==== SUPPLIED RECORDS ====

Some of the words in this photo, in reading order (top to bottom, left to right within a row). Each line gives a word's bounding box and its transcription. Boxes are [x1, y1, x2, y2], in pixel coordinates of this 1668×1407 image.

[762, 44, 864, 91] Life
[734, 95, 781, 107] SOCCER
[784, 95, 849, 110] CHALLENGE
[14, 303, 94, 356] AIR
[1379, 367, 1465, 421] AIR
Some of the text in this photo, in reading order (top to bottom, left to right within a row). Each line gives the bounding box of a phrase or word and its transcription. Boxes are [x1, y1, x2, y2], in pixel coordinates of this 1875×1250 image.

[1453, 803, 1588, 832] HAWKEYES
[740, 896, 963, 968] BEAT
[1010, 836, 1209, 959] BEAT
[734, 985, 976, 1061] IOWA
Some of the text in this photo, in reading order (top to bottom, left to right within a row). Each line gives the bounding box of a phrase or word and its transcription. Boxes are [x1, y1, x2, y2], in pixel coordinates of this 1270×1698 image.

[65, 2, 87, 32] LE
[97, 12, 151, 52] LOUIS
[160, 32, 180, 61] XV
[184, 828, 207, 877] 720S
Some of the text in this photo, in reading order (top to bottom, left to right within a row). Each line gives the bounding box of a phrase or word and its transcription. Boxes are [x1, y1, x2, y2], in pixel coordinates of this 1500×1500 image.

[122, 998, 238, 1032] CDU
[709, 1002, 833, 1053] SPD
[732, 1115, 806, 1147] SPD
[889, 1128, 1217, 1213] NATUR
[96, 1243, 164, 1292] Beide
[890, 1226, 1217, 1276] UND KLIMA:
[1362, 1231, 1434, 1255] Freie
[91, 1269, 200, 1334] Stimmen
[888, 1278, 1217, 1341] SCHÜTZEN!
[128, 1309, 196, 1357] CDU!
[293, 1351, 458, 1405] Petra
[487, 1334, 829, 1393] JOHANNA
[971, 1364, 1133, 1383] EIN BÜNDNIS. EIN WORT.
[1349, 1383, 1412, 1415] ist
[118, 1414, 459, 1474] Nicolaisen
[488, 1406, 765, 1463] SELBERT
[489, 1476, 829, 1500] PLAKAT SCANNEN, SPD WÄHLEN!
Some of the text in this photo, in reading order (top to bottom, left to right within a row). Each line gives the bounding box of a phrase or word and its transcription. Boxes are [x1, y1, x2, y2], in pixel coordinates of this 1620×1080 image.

====

TASK OBJECTIVE: What you return must match the listing exactly, line for line.

OUTPUT FOR THIS EXERCISE:
Some of the words in this photo, in reading order (top to bottom, left to right within a row). Each line gives a word's bounding box and its transcription. Boxes are [x1, y1, x2, y2], in pixel coordinates of this 1668×1407 image.

[762, 44, 864, 91] Life
[734, 95, 781, 107] SOCCER
[784, 95, 849, 110] CHALLENGE
[14, 303, 94, 356] AIR
[1379, 367, 1465, 421] AIR
Some of the text in this photo, in reading order (top to bottom, left to right within a row). Each line gives the bounding box of a phrase or word and its transcription. Boxes are [x1, y1, x2, y2], in pixel coordinates of this 1875×1250 image.

[1453, 803, 1588, 832] HAWKEYES
[740, 896, 963, 968] BEAT
[1010, 836, 1209, 959] BEAT
[734, 985, 976, 1061] IOWA
Some of the text in this photo, in reading order (top to bottom, left to right within a row). Each line gives the bounding box of a phrase or word and its transcription. Boxes are [x1, y1, x2, y2], in pixel coordinates of this 1270×1698 image.

[65, 2, 87, 32] LE
[97, 12, 151, 52] LOUIS
[160, 32, 180, 61] XV
[184, 828, 207, 877] 720S
Some of the text in this photo, in reading order (top to bottom, left to right within a row). Each line gives the bounding box of a phrase or word and its transcription. Boxes are [x1, y1, x2, y2], in pixel coordinates of this 1500×1500 image.

[122, 998, 238, 1032] CDU
[709, 1002, 833, 1053] SPD
[732, 1115, 806, 1147] SPD
[889, 1128, 1217, 1213] NATUR
[96, 1243, 164, 1292] Beide
[890, 1226, 1217, 1276] UND KLIMA:
[1362, 1231, 1434, 1255] Freie
[91, 1269, 200, 1334] Stimmen
[888, 1278, 1217, 1341] SCHÜTZEN!
[128, 1309, 196, 1357] CDU!
[293, 1351, 458, 1405] Petra
[487, 1334, 829, 1393] JOHANNA
[971, 1364, 1133, 1383] EIN BÜNDNIS. EIN WORT.
[1349, 1383, 1412, 1415] ist
[118, 1414, 459, 1474] Nicolaisen
[488, 1406, 765, 1463] SELBERT
[489, 1476, 829, 1500] PLAKAT SCANNEN, SPD WÄHLEN!
Some of the text in this photo, in reading order (top to bottom, left to right within a row). Each line gives the bounding box of a phrase or word and its transcription. Boxes are [x1, y1, x2, y2], in pixel coordinates of this 1620×1080 image.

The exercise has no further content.